Casius froze. His hand hovered over the zipper of my bag, but he didn’t open it yet.
At that moment, Tavarius, realizing silence was dragging him to the bottom, decided to go all in. He straightened up, squared his shoulders, and tried to put on that boss-man arrogance that worked flawlessly on maintenance workers and petitioners at his office.
“Governor Thorne, wait.” His voice found a shaky but brazen firmness. “Let’s speak plainly. Man to man. Official to official.”
He took a step forward, ignoring the tensing guard, and spread his hands as if inviting the Governor into his circle of elites.

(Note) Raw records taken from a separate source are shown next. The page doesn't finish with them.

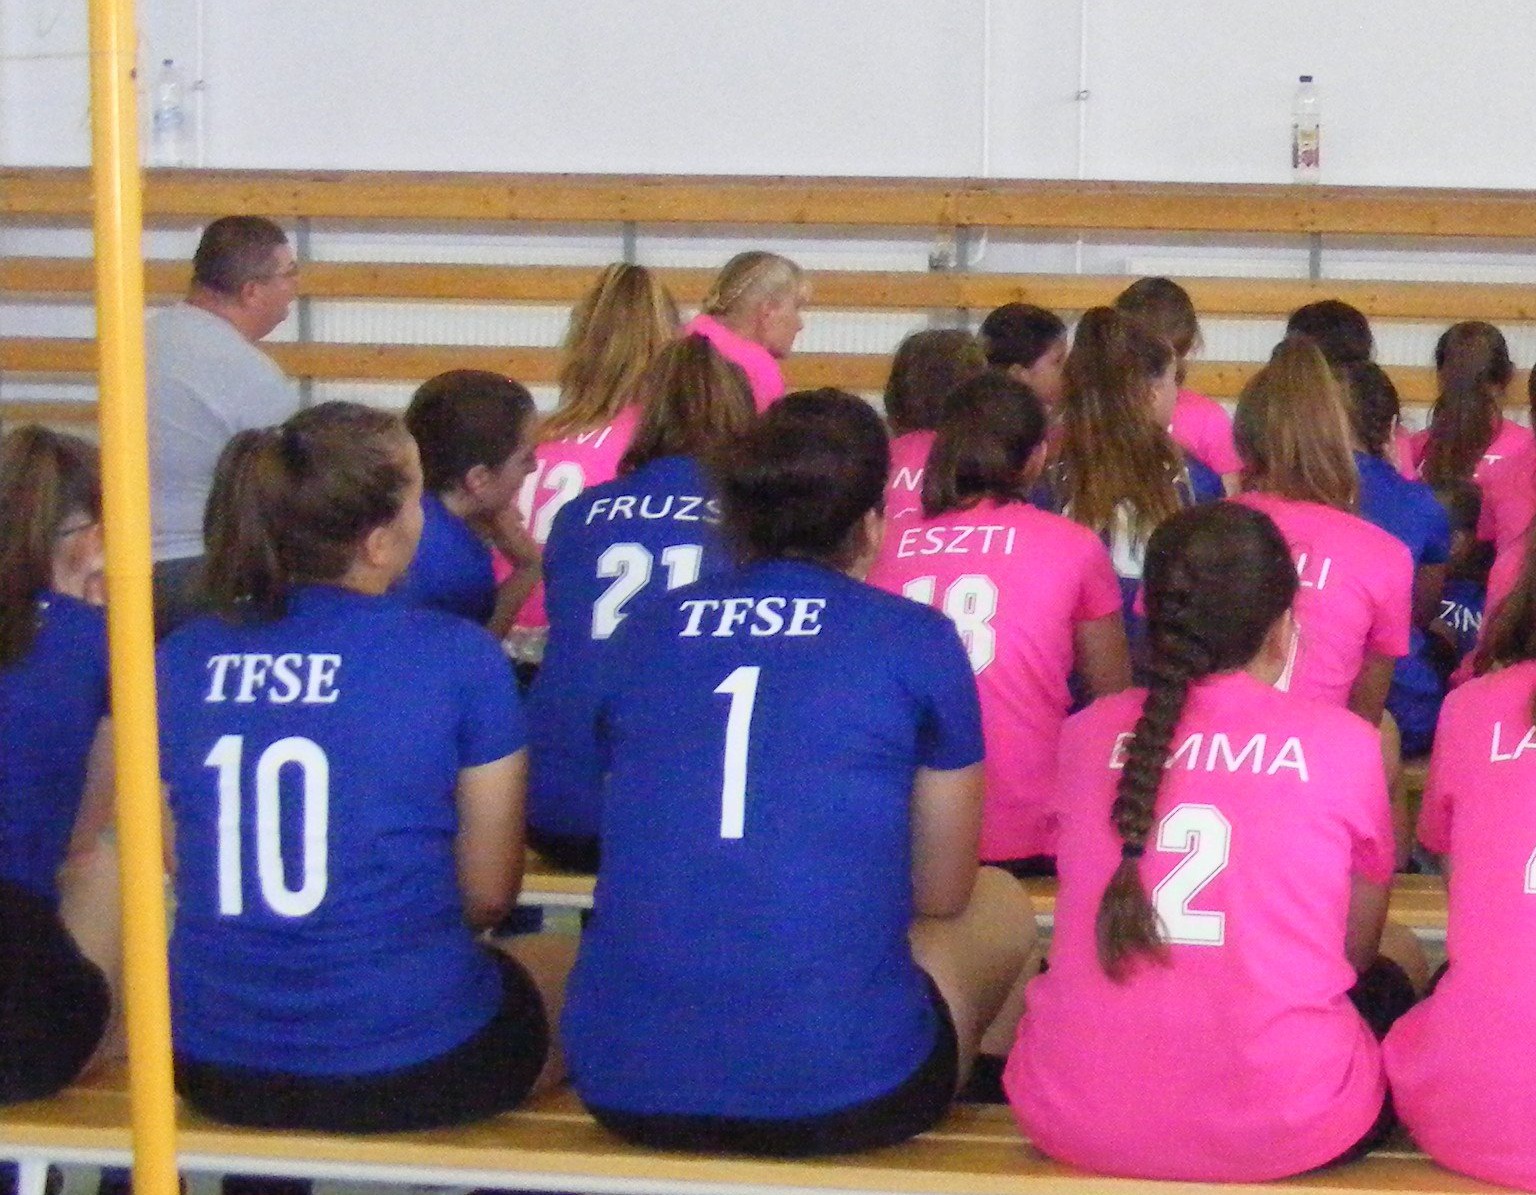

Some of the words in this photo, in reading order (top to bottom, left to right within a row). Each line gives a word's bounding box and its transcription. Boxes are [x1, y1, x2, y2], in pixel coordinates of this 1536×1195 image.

[897, 525, 1016, 558] ESZTI
[678, 597, 826, 637] TFSE
[204, 653, 342, 703] TFSE
[713, 666, 761, 839] 1
[204, 734, 329, 917] 10
[1152, 803, 1232, 946] 2

“I am the Deputy Director of Housing,” Tavarius said, the title sounding like the rank of a general in his mouth. “We are in the same boat, Governor. We run this city. This state. You know how it is. Nerves, responsibility, constant stress. And here…” He waved a hand carelessly in my direction, as if brushing a crumb off the table. “Here we are dealing with a family tragedy. Ms. Ophelia… unfortunately, age is taking its toll. Mental health, you understand? Dementia is a terrible thing.”

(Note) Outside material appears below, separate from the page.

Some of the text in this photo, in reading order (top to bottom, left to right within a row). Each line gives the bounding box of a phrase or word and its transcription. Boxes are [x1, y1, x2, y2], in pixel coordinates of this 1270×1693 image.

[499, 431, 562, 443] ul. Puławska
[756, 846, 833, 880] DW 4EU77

Javisha, catching the change in her husband’s tone, instantly joined the game. She nodded, and tears shone in her eyes—not of repentance, but of fear for her own comfort.
“Yes, she… she attacks us,” my daughter cried out, pointing a manicured finger at me. “You have no idea, Governor, what it’s like living with her under one roof. She gets aggressive! Yesterday, she threw a vase at Tavarius. We were just defending ourselves. That arm… I tried to hold her so she wouldn’t hurt herself or us.”
I listened to them and felt a strange emptiness. My own daughter. My flesh and blood. She stood there slandering her mother to save the hide of her worthless husband. But instead of pain, I felt only the cold clarity of a diagnostician observing the progress of gangrene.
Casius didn’t look at them. He looked at me. He waited. He didn’t need excuses. He needed the truth.
“Javisha,” I said quietly. The room was so still you could hear fabric rustle. “Take the envelope out of the bag. The one you saw this morning but were too scared to touch.”